:: THE PROBLEM ::
Repeat the entries below in full, with every character unchanged.

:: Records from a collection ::
^^^^
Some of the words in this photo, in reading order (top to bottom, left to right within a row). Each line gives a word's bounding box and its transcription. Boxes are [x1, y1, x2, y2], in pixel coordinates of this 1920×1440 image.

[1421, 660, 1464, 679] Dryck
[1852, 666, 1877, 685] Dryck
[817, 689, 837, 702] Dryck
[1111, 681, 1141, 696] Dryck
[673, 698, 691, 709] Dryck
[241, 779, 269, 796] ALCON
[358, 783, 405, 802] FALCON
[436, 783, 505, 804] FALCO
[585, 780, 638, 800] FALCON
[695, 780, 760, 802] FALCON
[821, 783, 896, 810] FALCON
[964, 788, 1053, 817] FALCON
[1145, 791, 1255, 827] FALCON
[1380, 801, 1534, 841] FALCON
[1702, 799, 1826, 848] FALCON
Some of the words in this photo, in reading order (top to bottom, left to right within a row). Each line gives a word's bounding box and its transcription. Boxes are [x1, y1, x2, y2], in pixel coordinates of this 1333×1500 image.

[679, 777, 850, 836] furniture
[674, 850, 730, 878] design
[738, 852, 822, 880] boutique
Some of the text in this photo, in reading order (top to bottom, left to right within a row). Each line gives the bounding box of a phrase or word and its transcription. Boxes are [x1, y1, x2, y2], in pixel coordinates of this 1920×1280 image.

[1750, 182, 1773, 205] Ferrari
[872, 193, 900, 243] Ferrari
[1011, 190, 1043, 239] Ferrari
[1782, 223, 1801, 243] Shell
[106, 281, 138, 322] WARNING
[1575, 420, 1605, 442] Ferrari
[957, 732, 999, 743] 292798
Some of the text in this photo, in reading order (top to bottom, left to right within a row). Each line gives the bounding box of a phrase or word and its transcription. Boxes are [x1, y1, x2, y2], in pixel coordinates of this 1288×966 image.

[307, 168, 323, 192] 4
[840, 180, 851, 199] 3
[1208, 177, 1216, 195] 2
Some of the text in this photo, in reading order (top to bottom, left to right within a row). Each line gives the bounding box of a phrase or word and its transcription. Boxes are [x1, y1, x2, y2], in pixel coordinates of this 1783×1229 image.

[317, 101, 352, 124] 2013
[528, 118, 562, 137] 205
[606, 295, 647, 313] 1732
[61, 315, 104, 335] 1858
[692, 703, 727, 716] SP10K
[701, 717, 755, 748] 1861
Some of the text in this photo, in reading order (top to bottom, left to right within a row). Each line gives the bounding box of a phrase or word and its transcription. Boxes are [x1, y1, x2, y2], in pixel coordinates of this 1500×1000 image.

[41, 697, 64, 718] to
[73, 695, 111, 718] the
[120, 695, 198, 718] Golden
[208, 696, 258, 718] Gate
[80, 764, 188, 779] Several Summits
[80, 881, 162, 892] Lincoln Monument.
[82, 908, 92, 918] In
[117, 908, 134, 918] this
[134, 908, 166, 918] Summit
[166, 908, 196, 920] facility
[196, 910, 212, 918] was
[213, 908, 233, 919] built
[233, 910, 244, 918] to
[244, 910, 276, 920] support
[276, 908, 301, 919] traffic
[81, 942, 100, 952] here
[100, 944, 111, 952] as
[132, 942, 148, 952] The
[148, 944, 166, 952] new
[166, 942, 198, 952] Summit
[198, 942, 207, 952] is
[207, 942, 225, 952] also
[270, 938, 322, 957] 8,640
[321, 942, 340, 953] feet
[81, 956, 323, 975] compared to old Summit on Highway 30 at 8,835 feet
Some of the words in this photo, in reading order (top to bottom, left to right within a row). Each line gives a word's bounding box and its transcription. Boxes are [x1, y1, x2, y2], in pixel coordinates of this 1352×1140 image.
^^^^
:: REPLY ::
Some of the words in this photo, in reading order (top to bottom, left to right within a row). Each line gives a word's bounding box and its transcription. Boxes are [x1, y1, x2, y2], in pixel coordinates of this 1920×1440 image.

[1421, 660, 1464, 679] Dryck
[1852, 666, 1877, 685] Dryck
[817, 689, 837, 702] Dryck
[1111, 681, 1141, 696] Dryck
[673, 698, 691, 709] Dryck
[241, 779, 269, 796] ALCON
[358, 783, 405, 802] FALCON
[436, 783, 505, 804] FALCO
[585, 780, 638, 800] FALCON
[695, 780, 760, 802] FALCON
[821, 783, 896, 810] FALCON
[964, 788, 1053, 817] FALCON
[1145, 791, 1255, 827] FALCON
[1380, 801, 1534, 841] FALCON
[1702, 799, 1826, 848] FALCON
Some of the words in this photo, in reading order (top to bottom, left to right within a row). Each line gives a word's bounding box and its transcription. Boxes are [x1, y1, x2, y2], in pixel coordinates of this 1333×1500 image.

[679, 777, 850, 836] furniture
[674, 850, 730, 878] design
[738, 852, 822, 880] boutique
Some of the text in this photo, in reading order (top to bottom, left to right within a row). Each line gives the bounding box of a phrase or word and its transcription. Boxes are [x1, y1, x2, y2], in pixel coordinates of this 1920×1280 image.

[1750, 182, 1773, 205] Ferrari
[872, 193, 900, 243] Ferrari
[1011, 190, 1043, 239] Ferrari
[1782, 223, 1801, 243] Shell
[106, 281, 138, 322] WARNING
[1575, 420, 1605, 442] Ferrari
[957, 732, 999, 743] 292798
Some of the text in this photo, in reading order (top to bottom, left to right within a row). Each line gives the bounding box of a phrase or word and its transcription. Boxes are [x1, y1, x2, y2], in pixel coordinates of this 1288×966 image.

[307, 168, 323, 192] 4
[840, 180, 851, 199] 3
[1208, 177, 1216, 195] 2
Some of the text in this photo, in reading order (top to bottom, left to right within a row). Each line gives the bounding box of a phrase or word and its transcription. Boxes are [x1, y1, x2, y2], in pixel coordinates of this 1783×1229 image.

[317, 101, 352, 124] 2013
[528, 118, 562, 137] 205
[606, 295, 647, 313] 1732
[61, 315, 104, 335] 1858
[692, 703, 727, 716] SP10K
[701, 717, 755, 748] 1861
Some of the text in this photo, in reading order (top to bottom, left to right within a row). Each line gives the bounding box of a phrase or word and its transcription. Boxes are [x1, y1, x2, y2], in pixel coordinates of this 1500×1000 image.

[41, 697, 64, 718] to
[73, 695, 111, 718] the
[120, 695, 198, 718] Golden
[208, 696, 258, 718] Gate
[80, 764, 188, 779] Several Summits
[80, 881, 162, 892] Lincoln Monument.
[82, 908, 92, 918] In
[117, 908, 134, 918] this
[134, 908, 166, 918] Summit
[166, 908, 196, 920] facility
[196, 910, 212, 918] was
[213, 908, 233, 919] built
[233, 910, 244, 918] to
[244, 910, 276, 920] support
[276, 908, 301, 919] traffic
[81, 942, 100, 952] here
[100, 944, 111, 952] as
[132, 942, 148, 952] The
[148, 944, 166, 952] new
[166, 942, 198, 952] Summit
[198, 942, 207, 952] is
[207, 942, 225, 952] also
[270, 938, 322, 957] 8,640
[321, 942, 340, 953] feet
[81, 956, 323, 975] compared to old Summit on Highway 30 at 8,835 feet
Some of the words in this photo, in reading order (top to bottom, left to right within a row). Each line gives a word's bounding box and its transcription. Boxes are [x1, y1, x2, y2], in pixel coordinates of this 1352×1140 image.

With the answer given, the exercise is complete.